**Task instructions:** From the line that contains "Some of the text" to the final line of the entries below, write out every line exactly as it appears, and nothing else.

Phrase grounding data:
——————————
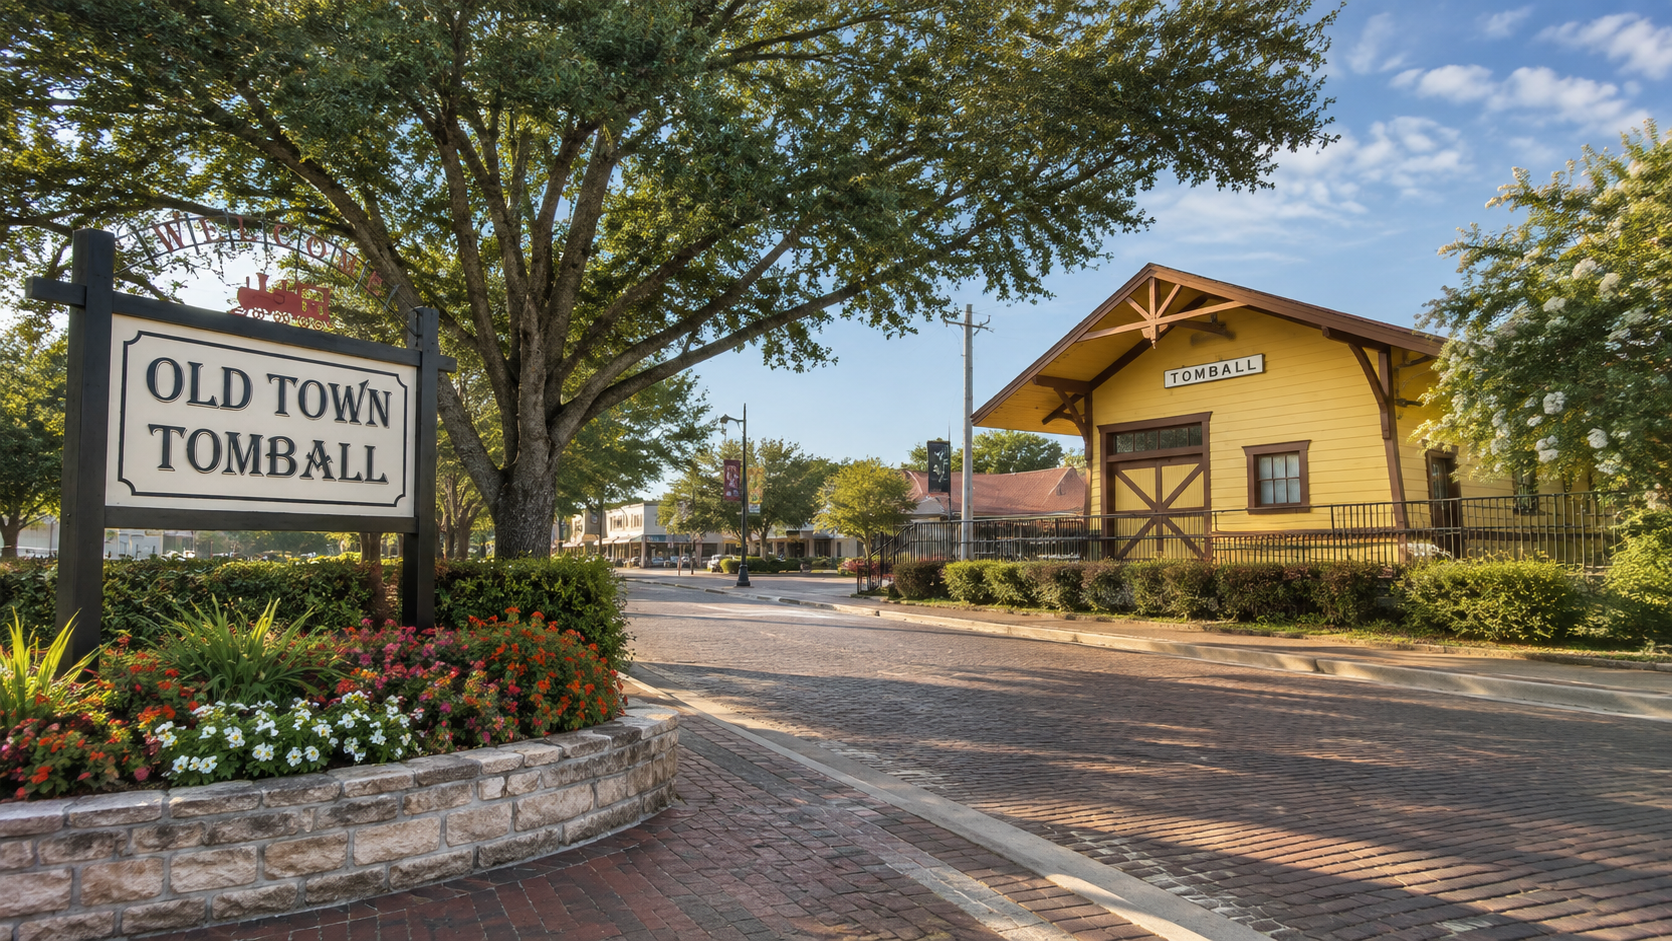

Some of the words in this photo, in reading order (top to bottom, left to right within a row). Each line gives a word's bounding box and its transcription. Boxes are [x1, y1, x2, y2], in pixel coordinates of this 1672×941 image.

[153, 215, 383, 296] WELCOME
[146, 357, 253, 411] OLD
[266, 373, 392, 428] TOWN
[1170, 359, 1257, 384] TOMBALL
[147, 423, 389, 485] TOMBALL
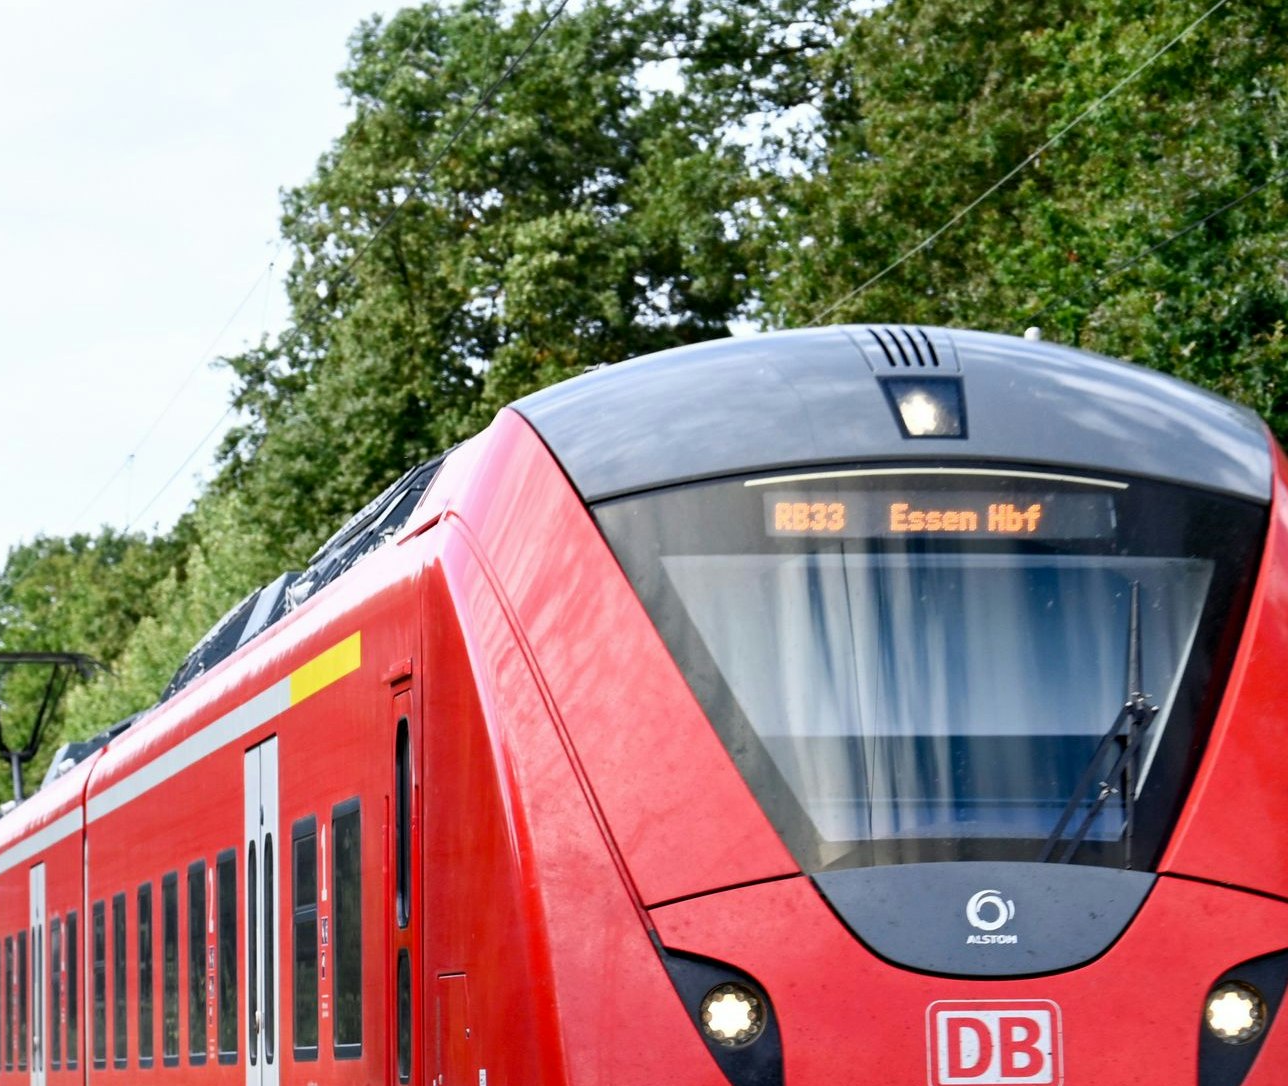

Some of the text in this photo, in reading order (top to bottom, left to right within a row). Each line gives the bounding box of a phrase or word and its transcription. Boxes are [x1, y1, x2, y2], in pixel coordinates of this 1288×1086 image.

[775, 502, 1041, 532] RB33 Essen Hbf
[966, 934, 1018, 945] ALSTOM
[945, 1015, 1046, 1080] DB
——————————
**Your response:**
Some of the text in this photo, in reading order (top to bottom, left to right within a row). Each line gives the bounding box of a phrase or word and its transcription. Boxes are [x1, y1, x2, y2], in pixel coordinates of this 1288×1086 image.

[775, 502, 1041, 532] RB33 Essen Hbf
[966, 934, 1018, 945] ALSTOM
[945, 1015, 1046, 1080] DB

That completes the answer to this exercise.